- **Directions for this task**: Each record should be written out exactly as given.

- **Data excerpts**:
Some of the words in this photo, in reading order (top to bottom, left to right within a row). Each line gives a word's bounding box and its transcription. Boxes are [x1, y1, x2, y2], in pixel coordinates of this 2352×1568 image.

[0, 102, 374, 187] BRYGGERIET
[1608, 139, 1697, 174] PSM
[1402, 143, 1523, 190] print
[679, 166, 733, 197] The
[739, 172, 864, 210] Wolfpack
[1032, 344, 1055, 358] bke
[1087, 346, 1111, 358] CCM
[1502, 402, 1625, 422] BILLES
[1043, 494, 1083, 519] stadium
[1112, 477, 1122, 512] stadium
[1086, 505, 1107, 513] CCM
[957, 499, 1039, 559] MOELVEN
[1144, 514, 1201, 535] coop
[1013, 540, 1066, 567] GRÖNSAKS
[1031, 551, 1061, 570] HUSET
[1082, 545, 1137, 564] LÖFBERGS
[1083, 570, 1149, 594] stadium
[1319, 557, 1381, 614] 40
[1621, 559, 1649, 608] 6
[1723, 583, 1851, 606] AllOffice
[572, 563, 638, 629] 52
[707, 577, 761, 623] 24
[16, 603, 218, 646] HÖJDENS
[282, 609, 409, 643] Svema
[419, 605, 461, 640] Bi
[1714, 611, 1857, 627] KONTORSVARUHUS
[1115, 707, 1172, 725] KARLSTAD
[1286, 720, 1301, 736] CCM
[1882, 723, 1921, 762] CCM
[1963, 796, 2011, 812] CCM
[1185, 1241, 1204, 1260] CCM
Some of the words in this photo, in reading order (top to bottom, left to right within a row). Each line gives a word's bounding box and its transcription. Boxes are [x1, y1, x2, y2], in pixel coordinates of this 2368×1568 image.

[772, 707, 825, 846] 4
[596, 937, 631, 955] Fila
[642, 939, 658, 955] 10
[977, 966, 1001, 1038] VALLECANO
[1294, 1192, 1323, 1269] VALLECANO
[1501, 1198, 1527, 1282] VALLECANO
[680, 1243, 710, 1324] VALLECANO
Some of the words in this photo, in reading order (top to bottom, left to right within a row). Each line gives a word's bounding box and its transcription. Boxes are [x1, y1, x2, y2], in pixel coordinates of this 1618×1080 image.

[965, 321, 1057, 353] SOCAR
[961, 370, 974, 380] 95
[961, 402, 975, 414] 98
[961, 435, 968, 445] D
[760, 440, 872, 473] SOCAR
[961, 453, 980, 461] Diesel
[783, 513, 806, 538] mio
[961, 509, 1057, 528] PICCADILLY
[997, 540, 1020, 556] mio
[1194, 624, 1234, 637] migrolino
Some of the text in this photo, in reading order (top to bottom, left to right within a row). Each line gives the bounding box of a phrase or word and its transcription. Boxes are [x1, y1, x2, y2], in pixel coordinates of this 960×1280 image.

- **Output**:
Some of the words in this photo, in reading order (top to bottom, left to right within a row). Each line gives a word's bounding box and its transcription. Boxes are [x1, y1, x2, y2], in pixel coordinates of this 2352×1568 image.

[0, 102, 374, 187] BRYGGERIET
[1608, 139, 1697, 174] PSM
[1402, 143, 1523, 190] print
[679, 166, 733, 197] The
[739, 172, 864, 210] Wolfpack
[1032, 344, 1055, 358] bke
[1087, 346, 1111, 358] CCM
[1502, 402, 1625, 422] BILLES
[1043, 494, 1083, 519] stadium
[1112, 477, 1122, 512] stadium
[1086, 505, 1107, 513] CCM
[957, 499, 1039, 559] MOELVEN
[1144, 514, 1201, 535] coop
[1013, 540, 1066, 567] GRÖNSAKS
[1031, 551, 1061, 570] HUSET
[1082, 545, 1137, 564] LÖFBERGS
[1083, 570, 1149, 594] stadium
[1319, 557, 1381, 614] 40
[1621, 559, 1649, 608] 6
[1723, 583, 1851, 606] AllOffice
[572, 563, 638, 629] 52
[707, 577, 761, 623] 24
[16, 603, 218, 646] HÖJDENS
[282, 609, 409, 643] Svema
[419, 605, 461, 640] Bi
[1714, 611, 1857, 627] KONTORSVARUHUS
[1115, 707, 1172, 725] KARLSTAD
[1286, 720, 1301, 736] CCM
[1882, 723, 1921, 762] CCM
[1963, 796, 2011, 812] CCM
[1185, 1241, 1204, 1260] CCM
Some of the words in this photo, in reading order (top to bottom, left to right within a row). Each line gives a word's bounding box and its transcription. Boxes are [x1, y1, x2, y2], in pixel coordinates of this 2368×1568 image.

[772, 707, 825, 846] 4
[596, 937, 631, 955] Fila
[642, 939, 658, 955] 10
[977, 966, 1001, 1038] VALLECANO
[1294, 1192, 1323, 1269] VALLECANO
[1501, 1198, 1527, 1282] VALLECANO
[680, 1243, 710, 1324] VALLECANO
Some of the words in this photo, in reading order (top to bottom, left to right within a row). Each line gives a word's bounding box and its transcription. Boxes are [x1, y1, x2, y2], in pixel coordinates of this 1618×1080 image.

[965, 321, 1057, 353] SOCAR
[961, 370, 974, 380] 95
[961, 402, 975, 414] 98
[961, 435, 968, 445] D
[760, 440, 872, 473] SOCAR
[961, 453, 980, 461] Diesel
[783, 513, 806, 538] mio
[961, 509, 1057, 528] PICCADILLY
[997, 540, 1020, 556] mio
[1194, 624, 1234, 637] migrolino
Some of the text in this photo, in reading order (top to bottom, left to right within a row). Each line gives the bounding box of a phrase or word and its transcription. Boxes are [x1, y1, x2, y2], in pixel coordinates of this 960×1280 image.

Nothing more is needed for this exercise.